10 Mayo 2009
"No me animo a subir, porque tengo el presentimiento de que se va a caer", le dice Gustavo Zerbino a Esther, la esposa del médico de su equipo de rugby. Dos horas más tarde de ese viernes 13 de octubre de 1972, el pequeño avión Fairchild 571 en el que ambos viajan se estrella en la cordillera de los Andes con 45 personas a bordo, la mayoría jóvenes de entre 18 y 24 años. Dentro del fuselaje partido del avión, que se ha deslizado por la montaña hasta embestir una pared de nieve, hay 29 pasajeros con vida. Roberto Canessa, un estudiante de Medicina de 19 años, atiende a los heridos mientras algunos de sus compañeros rescatan a quienes quedaron atrapados entre los asientos, comprimidos por el impacto. En minutos, la temperatura baja de 24 grados a -10. Gustavo Zerbino sale al exterior, busca la cabina de los pilotos y se encuentra a uno de ellos clavado a su asiento por los instrumentos que tenía enfrente. El piloto le señala un maletín en el que guarda un revólver y le pide que le pegue un tiro.
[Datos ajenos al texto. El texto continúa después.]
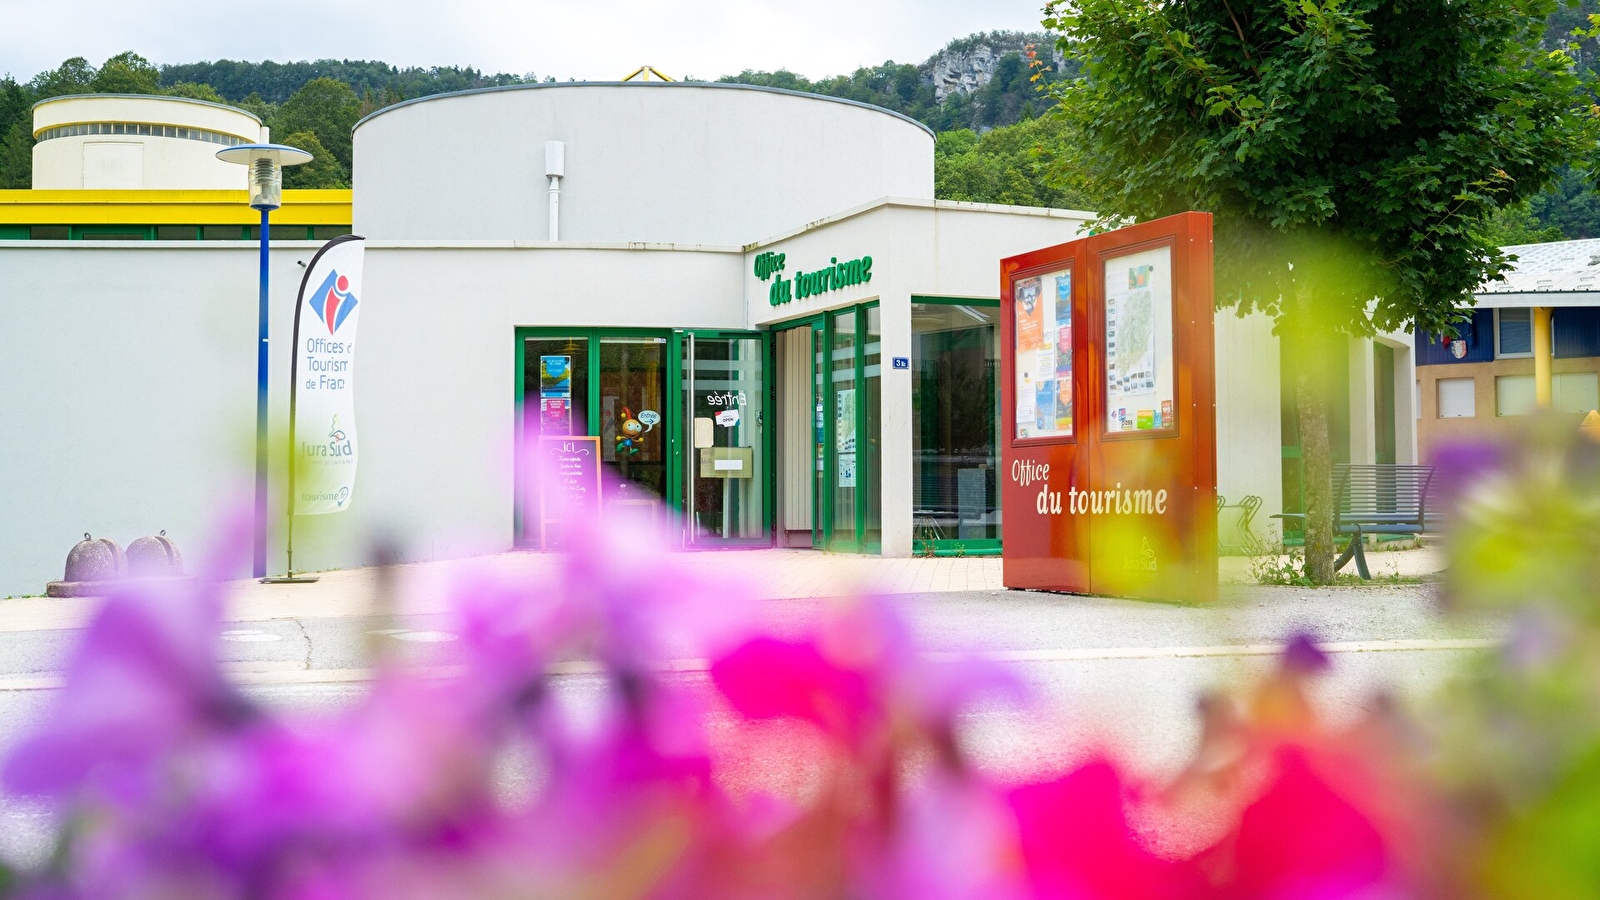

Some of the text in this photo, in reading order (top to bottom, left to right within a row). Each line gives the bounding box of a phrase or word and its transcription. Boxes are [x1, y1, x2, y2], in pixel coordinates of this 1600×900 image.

[754, 251, 786, 281] Office
[770, 255, 873, 306] du tourisme
[307, 338, 344, 354] Offices
[896, 359, 901, 367] 3
[306, 378, 316, 390] de
[301, 440, 353, 459] Jura Sud
[1011, 459, 1050, 487] Office
[1036, 481, 1168, 515] du tourisme
[1140, 556, 1157, 571] Sud
En los 18 metros cuadrados del fuselaje, los sobrevivientes se amontonan para pasar la primera de 71 noches en las que la temperatura desciende a -30. La poca comida que logran conseguir se acaba; el fantasma de la muerte por inanición avanza y también la idea de que la antropofagia es la única manera de exorcizarlo. Pedro Algorta hace una analogía entre la comunión y el uso de los cadáveres como alimento, que los demás refuerzan con la ofrenda colectiva de sus cuerpos en caso de muerte. Así se instaura un mecanismo por el que tres de los sobrevivientes cortan franjas de carne de los cuerpos preservados por la nieve para distribuirlos entre todos.
El día 10 logran hacer funcionar una radio y la primera noticia que escuchan es que se ha cancelado su búsqueda. Seis días más tarde, cuando parece que nada puede ser peor, una avalancha sepulta el fuselaje; la mayoría de sus habitantes queda cubierta por la nieve y ocho de ellos mueren. Después de esa jornada nefasta se instala la idea de que deben salir de allí por sus propios medios. Así comienza a organizarse la expedición de Canessa y de Parrado, quienes después de recorrer durante diez días kilómetros de nieve y montañas se encontrarán con el arriero Sergio Catalán y con el final de la tragedia de los Andes.